15. being different is fine if you can work together
Sunday, 5 February 12
Or should we think of these four technologies as being like the members of the A-Team? (I'm
not going to say which I think is who, except RDF is obviously Murdock.)
What does that mean?
- recognise and appreciate their respective strengths and weaknesses; don't try to make one
do what another can do better
- also understand their similarities: a common language, a common goal
16. legislation.gov.uk access and interaction
Sunday, 5 February 12
Public legislation.gov.uk built on XML stack: MarkLogic database, Orbeon pipelines & XSLT,
producing HTML or XHTML.
Now working on editorial site to enable experts to help government team get and keep
legislation up to date. New requirements:
- flexibility in expressing & querying data about relationships between parts of legislation:
we need RDF
- dynamic and interactive site that supports a task: we need JSON
But we don't need chimera: we need JSON designed for JSON, and RDF as RDF, and XML as
XML.
17. leaves and branches named with URLs
Sunday, 5 February 12
What enables them to work together well is what the web really is: URLs that name and
address resources.
URLs enable hand-off. When XML structures are named with URLs, JSON and RDF can point to
document content stored in XML. They provide a common reference point, a common
language.
18. HTML JSON
URLs
XML RDF
consonance through URLs weak, flexible links
Sunday, 5 February 12
URLs that address structures within formats help those formats to be used together. They can
be used for their strengths, without being compromised.
19. languages
data types
URLs
link relations
content types
common micro-syntaxes consonance
Sunday, 5 February 12
URLs are one example of a common language or micro-syntax, used within the core
technologies.
The formats have problems working together when these common languages are not really
common.
- URLs in HTML != IRIs used in XML or RDF
- datatypes in HTML != those defined in XML Schema != those used in RDF (particularly
date/times)
- link relations in HTML != those used in Atom != those used in RDFa
These mismatches cause friction, and the most gnarly problems in dealing with microdata
and RDFa differences are caused by them. But then, no team is perfect.
20. closing thoughts
Sunday, 5 February 12
Strong theme of this conference is reflecting on the role of XML on the web.

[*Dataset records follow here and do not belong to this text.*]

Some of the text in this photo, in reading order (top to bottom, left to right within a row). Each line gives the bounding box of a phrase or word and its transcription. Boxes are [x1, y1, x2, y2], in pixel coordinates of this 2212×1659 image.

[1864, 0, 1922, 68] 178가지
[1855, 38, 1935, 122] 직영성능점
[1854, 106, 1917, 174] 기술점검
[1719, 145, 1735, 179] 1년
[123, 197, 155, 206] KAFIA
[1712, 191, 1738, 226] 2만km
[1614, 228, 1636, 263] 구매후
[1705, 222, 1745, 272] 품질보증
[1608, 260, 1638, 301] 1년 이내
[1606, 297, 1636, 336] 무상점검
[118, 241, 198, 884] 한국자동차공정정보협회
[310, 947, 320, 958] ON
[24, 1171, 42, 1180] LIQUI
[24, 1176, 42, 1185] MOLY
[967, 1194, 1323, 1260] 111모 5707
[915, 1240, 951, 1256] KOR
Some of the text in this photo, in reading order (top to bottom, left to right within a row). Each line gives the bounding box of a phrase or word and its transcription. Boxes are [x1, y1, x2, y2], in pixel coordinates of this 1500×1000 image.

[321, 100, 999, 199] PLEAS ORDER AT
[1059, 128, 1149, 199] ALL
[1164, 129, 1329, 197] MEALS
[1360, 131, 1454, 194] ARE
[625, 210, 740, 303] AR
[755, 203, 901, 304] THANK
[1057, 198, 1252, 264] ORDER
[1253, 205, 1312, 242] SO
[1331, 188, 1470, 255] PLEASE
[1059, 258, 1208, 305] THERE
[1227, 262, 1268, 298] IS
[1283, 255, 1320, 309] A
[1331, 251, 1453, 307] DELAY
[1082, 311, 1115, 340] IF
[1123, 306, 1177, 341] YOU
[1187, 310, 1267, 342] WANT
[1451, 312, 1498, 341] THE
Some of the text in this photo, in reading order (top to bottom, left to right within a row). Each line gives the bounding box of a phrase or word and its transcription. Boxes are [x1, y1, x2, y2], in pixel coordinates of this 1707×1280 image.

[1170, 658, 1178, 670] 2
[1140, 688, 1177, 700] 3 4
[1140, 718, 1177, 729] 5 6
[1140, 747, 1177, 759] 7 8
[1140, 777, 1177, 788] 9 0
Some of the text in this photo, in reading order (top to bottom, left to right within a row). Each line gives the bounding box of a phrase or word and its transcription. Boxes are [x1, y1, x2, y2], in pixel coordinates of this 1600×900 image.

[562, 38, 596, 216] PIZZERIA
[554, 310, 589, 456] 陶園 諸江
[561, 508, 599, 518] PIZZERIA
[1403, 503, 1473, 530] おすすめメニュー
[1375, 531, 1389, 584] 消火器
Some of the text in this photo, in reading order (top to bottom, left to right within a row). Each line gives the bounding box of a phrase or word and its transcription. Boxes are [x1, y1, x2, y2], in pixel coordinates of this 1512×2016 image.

XML had a over-achieving youth, where it thought it could do everything, and the realisation
it can't is perhaps a little painful.
We are right to reflect on where we are, and what we want to become.
21. the web is varied complex, dynamic, beautiful
Sunday, 5 February 12
A monoculture web would not survive. The web thrives because it is a diverse ecosystem,
hosting 800lb gorillas and tiny mice with long long tails.
22. so much beneath the crust core qualities != surface qualities
Sunday, 5 February 12
The web is also more than what you see, and it's a mistake to think that only the outwardly
visible parts matter. Without the structures below the crust, it would implode.
Assess XML's role in that context.
23. what changes make sense? chimera or consonance
http://www.flickr.com/photos/randyread/1007678907 from Randy Read
Sunday, 5 February 12
Another theme here is XML's relationship with other technologies, the use of XML
technologies with non-XML formats and how XML might change in the future.
We should be asking:
- are these chimera? are they beautiful new things, or pigs in lipstick?
- do these changes make it XML better at what it does, or not as bad at doing what
something else already does better?
- does this help XML work better in concert with other technologies?
XML will not improve by trying to be someone else, but by working better in the team of web
technologies: by doing its job well, and by communicating well with the others.